_EXERCISE INSTRUCTIONS_
Retype all the records below exactly as they are, with no image carried over.

■ ■ ■

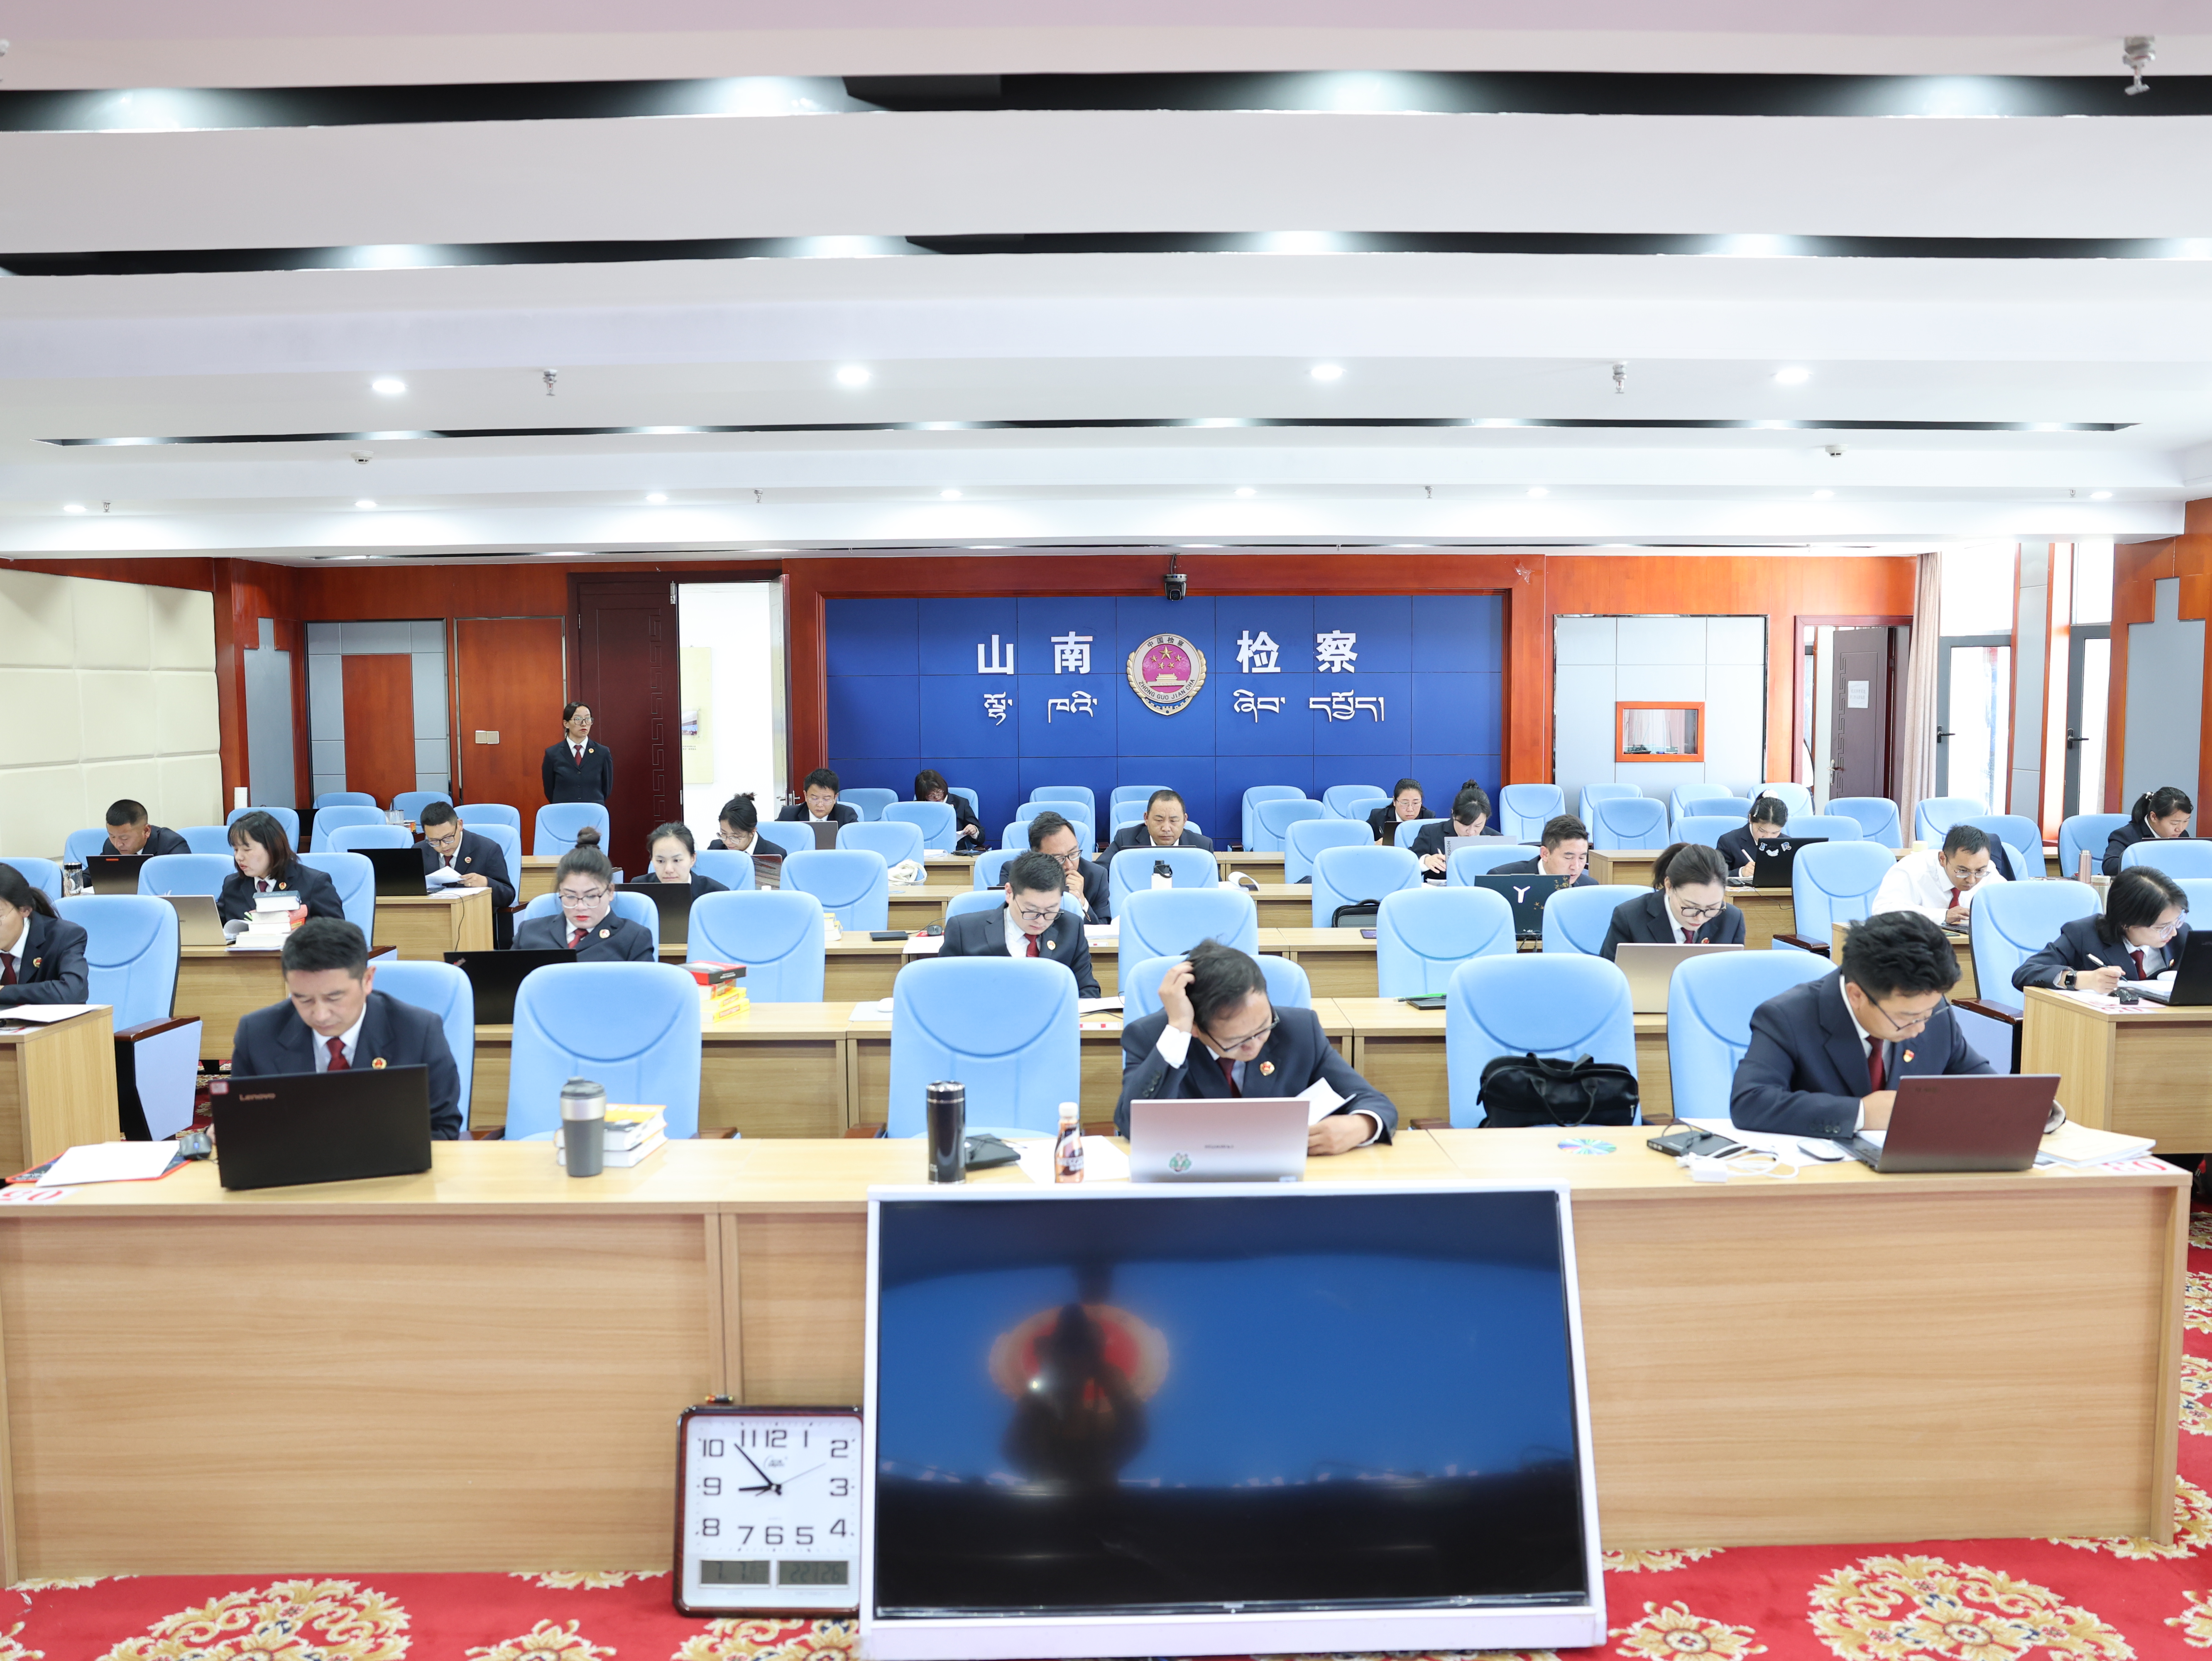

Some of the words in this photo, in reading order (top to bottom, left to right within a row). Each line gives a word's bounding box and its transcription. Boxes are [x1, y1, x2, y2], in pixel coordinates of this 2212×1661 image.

[1147, 637, 1184, 648] 中国检察
[1138, 681, 1155, 697] ZHONG
[1171, 689, 1186, 699] JIAN
[1185, 679, 1195, 690] CHA
[703, 1439, 724, 1457] 10
[741, 1429, 756, 1448] 11
[765, 1429, 788, 1448] 12
[803, 1429, 809, 1448] 1
[830, 1439, 849, 1458] 2
[703, 1477, 722, 1496] 9
[830, 1478, 849, 1496] 3
[702, 1518, 720, 1537] 8
[737, 1526, 755, 1545] 7
[765, 1526, 784, 1545] 6
[796, 1527, 814, 1545] 5
[830, 1519, 847, 1538] 4

■ ■ ■

_RESPONSE AREA_
Some of the words in this photo, in reading order (top to bottom, left to right within a row). Each line gives a word's bounding box and its transcription. Boxes are [x1, y1, x2, y2], in pixel coordinates of this 2212×1661 image.

[1147, 637, 1184, 648] 中国检察
[1138, 681, 1155, 697] ZHONG
[1171, 689, 1186, 699] JIAN
[1185, 679, 1195, 690] CHA
[703, 1439, 724, 1457] 10
[741, 1429, 756, 1448] 11
[765, 1429, 788, 1448] 12
[803, 1429, 809, 1448] 1
[830, 1439, 849, 1458] 2
[703, 1477, 722, 1496] 9
[830, 1478, 849, 1496] 3
[702, 1518, 720, 1537] 8
[737, 1526, 755, 1545] 7
[765, 1526, 784, 1545] 6
[796, 1527, 814, 1545] 5
[830, 1519, 847, 1538] 4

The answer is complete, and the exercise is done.